Patients undergoing minimally invasive versus sternotomy mitral valve surgery in existing comparative observational studies often have widely different preoperative characteristics due to selection bias, whereas patients with more comorbidity tend to undergo mitral valve surgery through a sternotomy [3, 8, 14]. The initiation of an MIMVS programme (where a minimally invasive approach is chosen primarily for all patients undergoing mitral valve surgery) constitutes a unique possibility to study outcome differences in patients with similar characteristics operated on through a sternotomy versus a minimally invasive approach.

The aim of this study was to compare short-term outcomes between patients undergoing mitral valve surgery before versus after the introduction of a minimally invasive programme.

METHODS

This single-centre study included patients undergoing mitral valve procedures between January 2012 and May 2019 at the Karolinska University Hospital, Stockholm, Sweden. MIMVS had been performed in a few selected patients since 2013, but in February 2016 a minimally invasive mitral valve programme was introduced whereby a minimally invasive approach was chosen as the primary treatment for all patients undergoing mitral valve surgery (with or without a concomitant procedure possible to perform via a right-sided minithoracotomy, i.e. tricuspid valve surgery, patent foramen ovale closure or ablation). Patients with mitral regurgitation as the primary indication for surgery included those with various types of mitral valve diseases such as isolated posterior or anterior mitral leaflet prolapse, bileaflet mitral valve prolapse and Barlow’s mitral valve disease.

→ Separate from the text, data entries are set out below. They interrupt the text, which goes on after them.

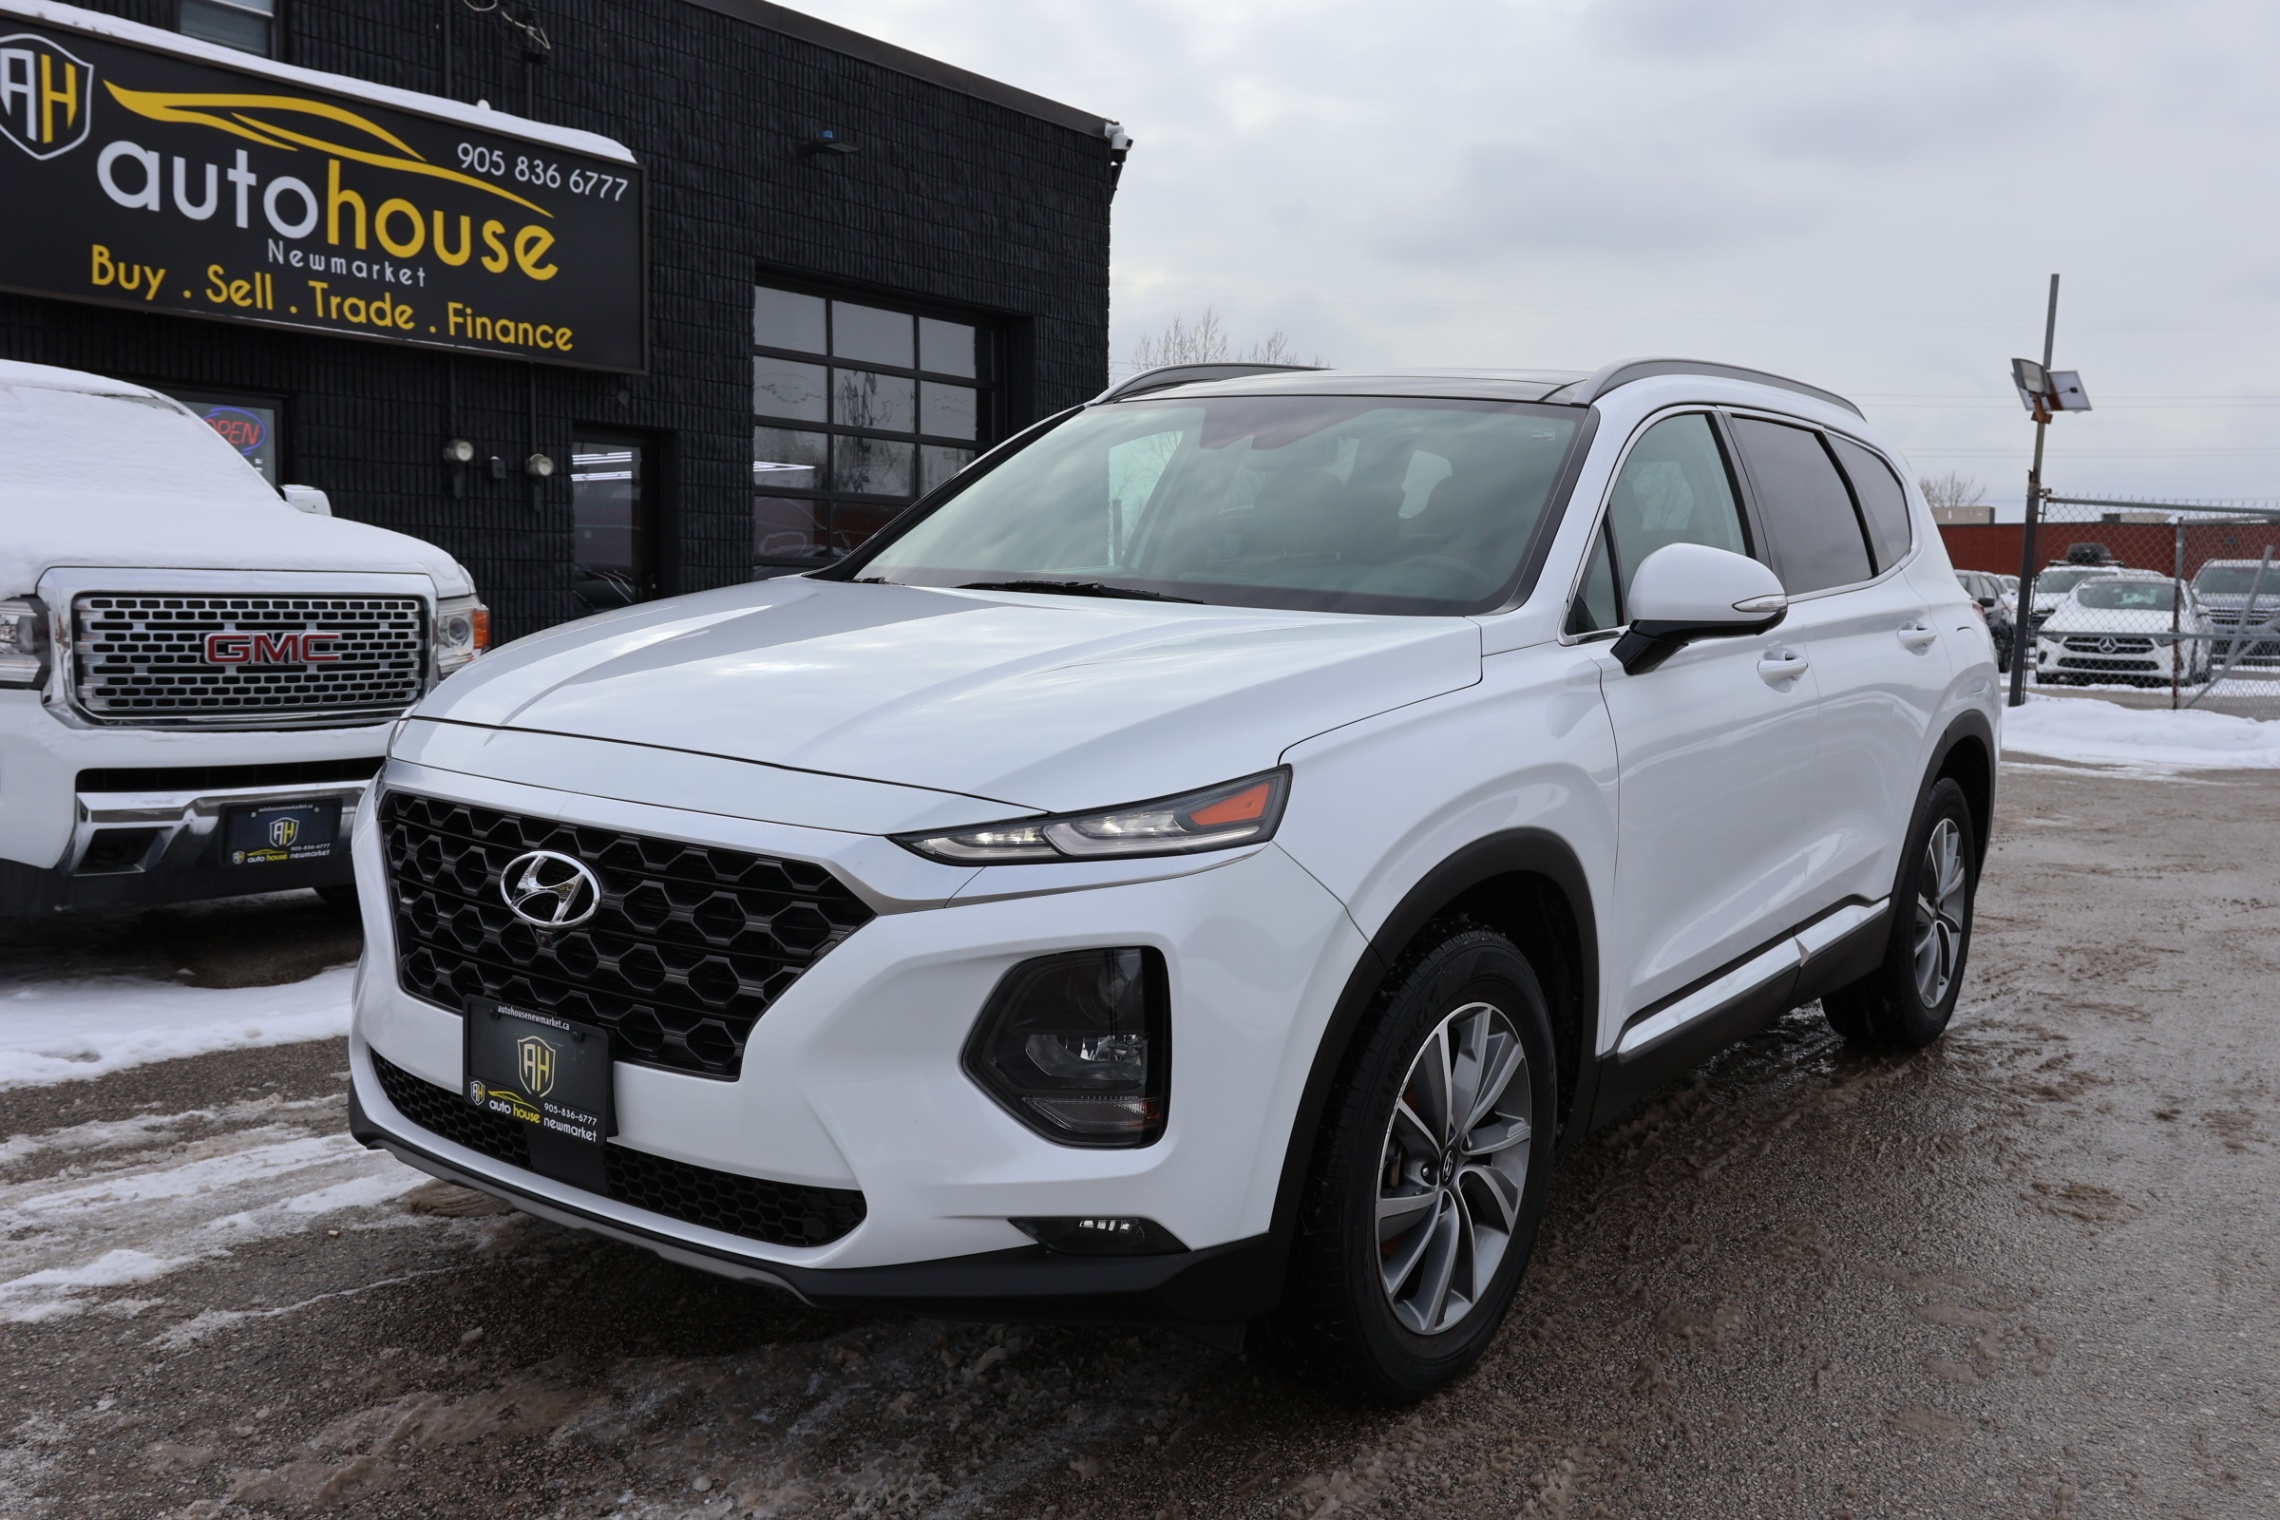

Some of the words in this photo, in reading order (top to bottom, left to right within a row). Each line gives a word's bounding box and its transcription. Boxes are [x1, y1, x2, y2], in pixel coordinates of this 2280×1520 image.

[457, 142, 506, 177] 905
[514, 154, 562, 190] 836
[569, 169, 629, 202] 6777
[267, 238, 427, 288] Newmarket
[92, 244, 166, 300] Buy
[206, 264, 274, 311] Sell
[309, 280, 416, 331] Trade
[448, 301, 574, 352] Finance
[204, 632, 341, 666] GMC
[273, 821, 295, 846] AH
[266, 853, 288, 861] house
[290, 849, 331, 859] newmarket
[497, 1005, 570, 1031] autohousenewmarket.ca
[523, 1043, 550, 1092] AH
[489, 1099, 511, 1115] auto
[513, 1103, 541, 1124] house
[544, 1103, 598, 1127] 905-836-6777
[543, 1116, 598, 1143] newmarket
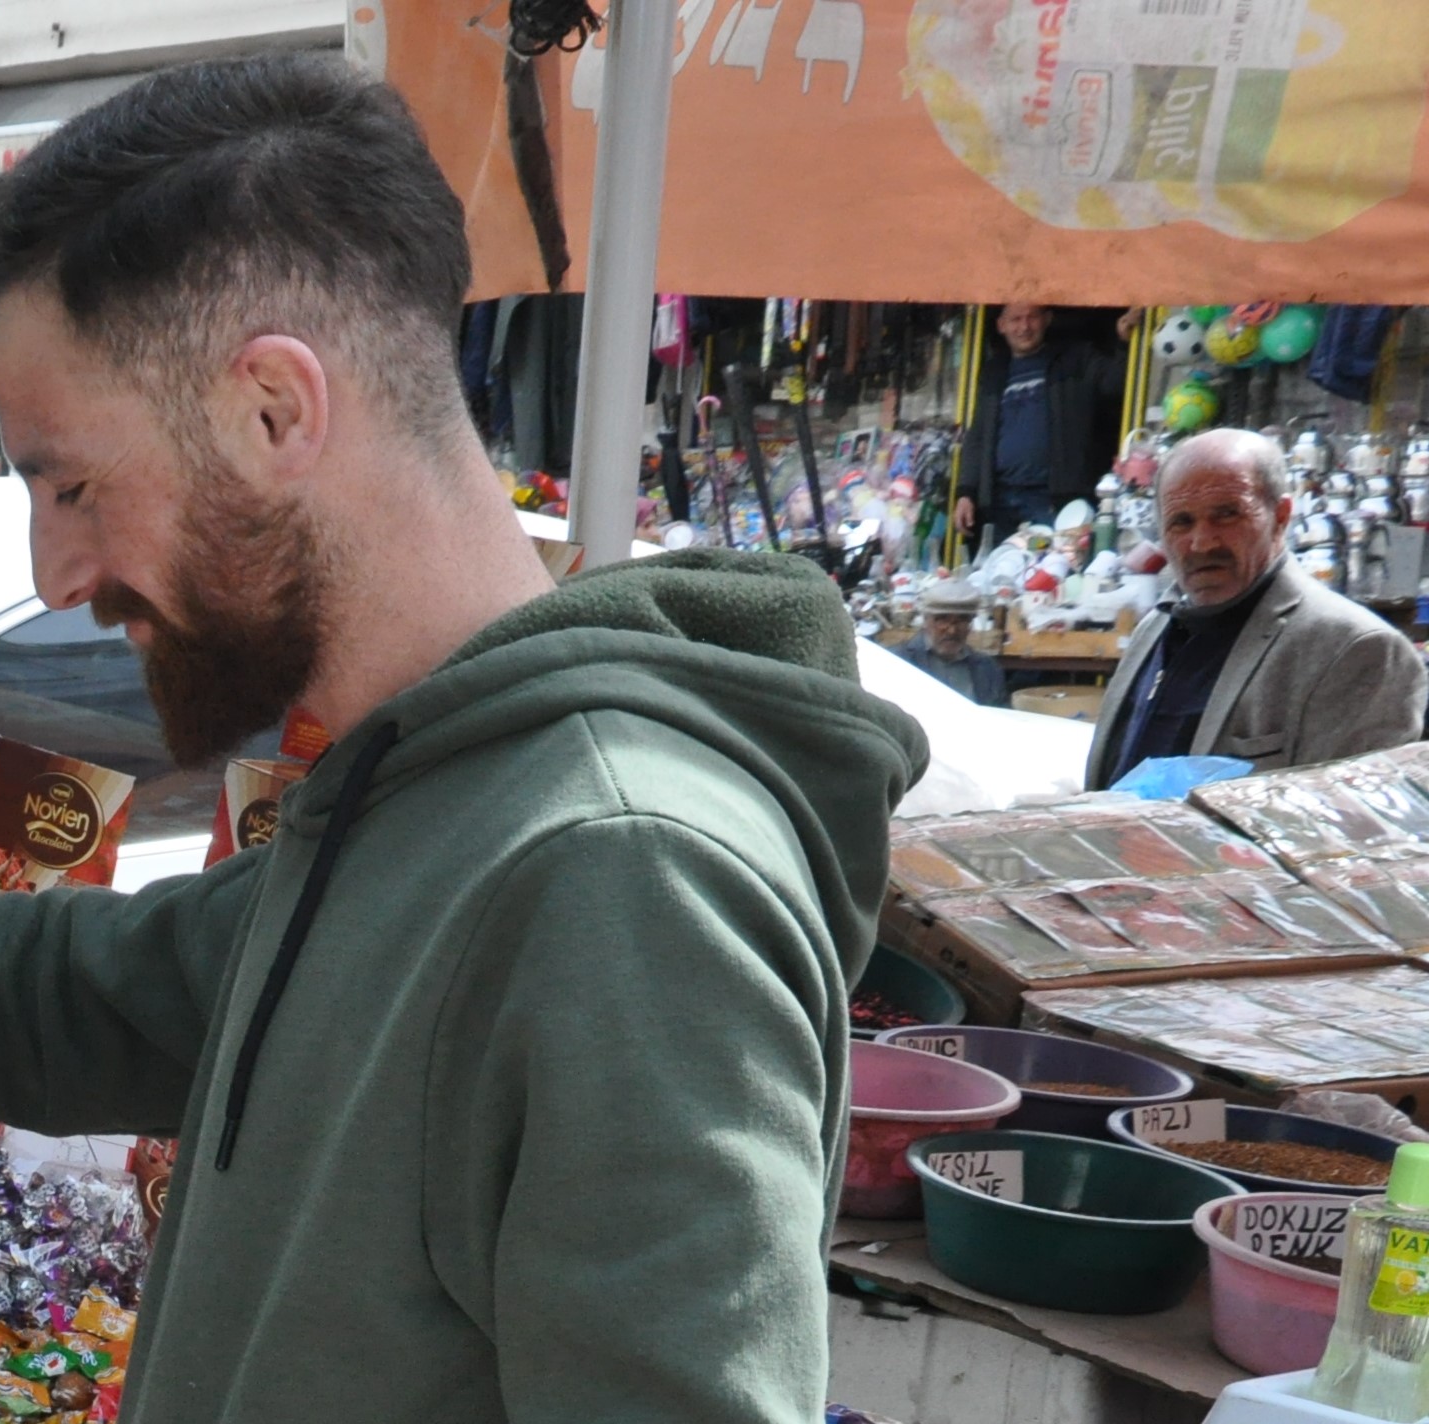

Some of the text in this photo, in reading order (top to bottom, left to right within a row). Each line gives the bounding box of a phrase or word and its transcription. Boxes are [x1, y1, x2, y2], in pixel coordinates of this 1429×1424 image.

[23, 792, 91, 832] Novien
[28, 828, 74, 853] Chocolates
[1142, 1105, 1191, 1134] PAZI
[1244, 1205, 1348, 1233] DOKUZ
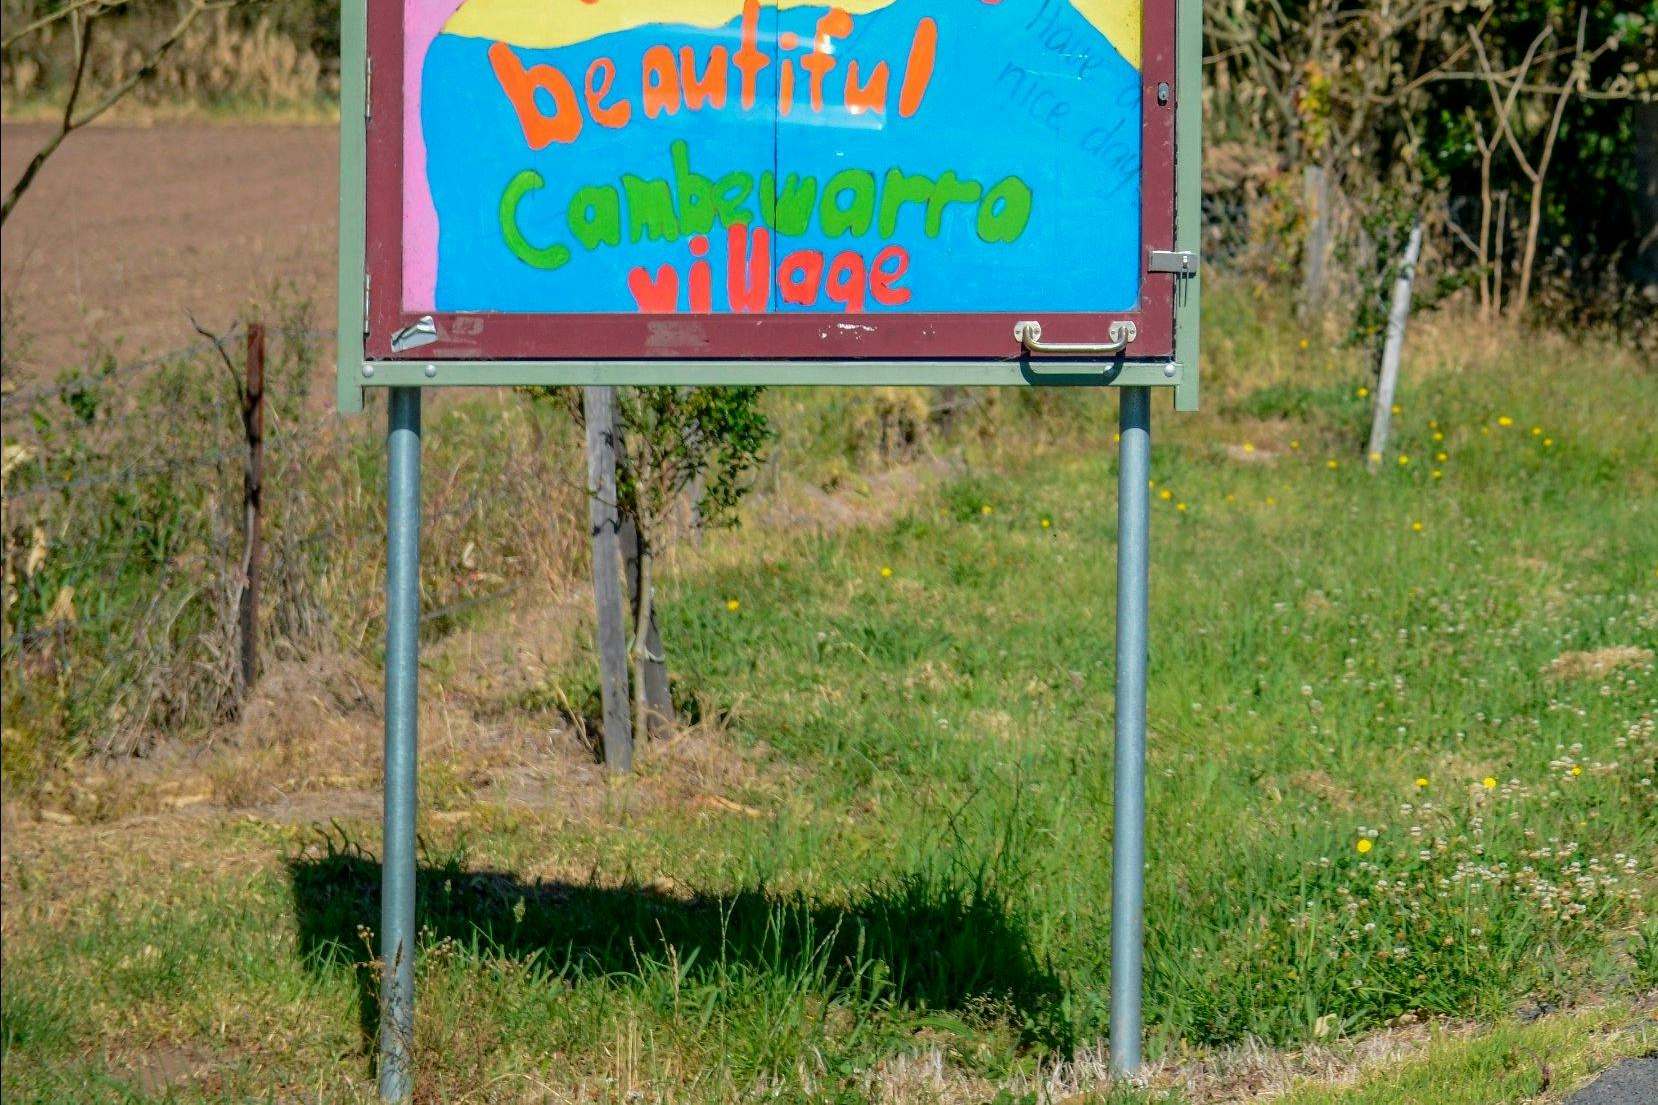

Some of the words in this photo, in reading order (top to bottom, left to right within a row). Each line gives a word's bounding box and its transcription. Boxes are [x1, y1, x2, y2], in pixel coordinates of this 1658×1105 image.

[993, 61, 1071, 131] nice
[1080, 117, 1142, 199] day
[627, 223, 912, 314] village

All procedures that were performed or could potentially have been performed via a minimally invasive approach were included. Therefore, we excluded concomitant surgery not performed via a right-sided minithoracotomy at our centre, such as coronary artery bypass grafting, aortic valve procedures and severe mitral annular calcification that could require patch reconstruction of the posterior annulus. Also, in order to achieve a homogeneous study population, patients who had previously had cardiac surgery, had active endocarditis or were in a critical preoperative state were excluded from the analysis.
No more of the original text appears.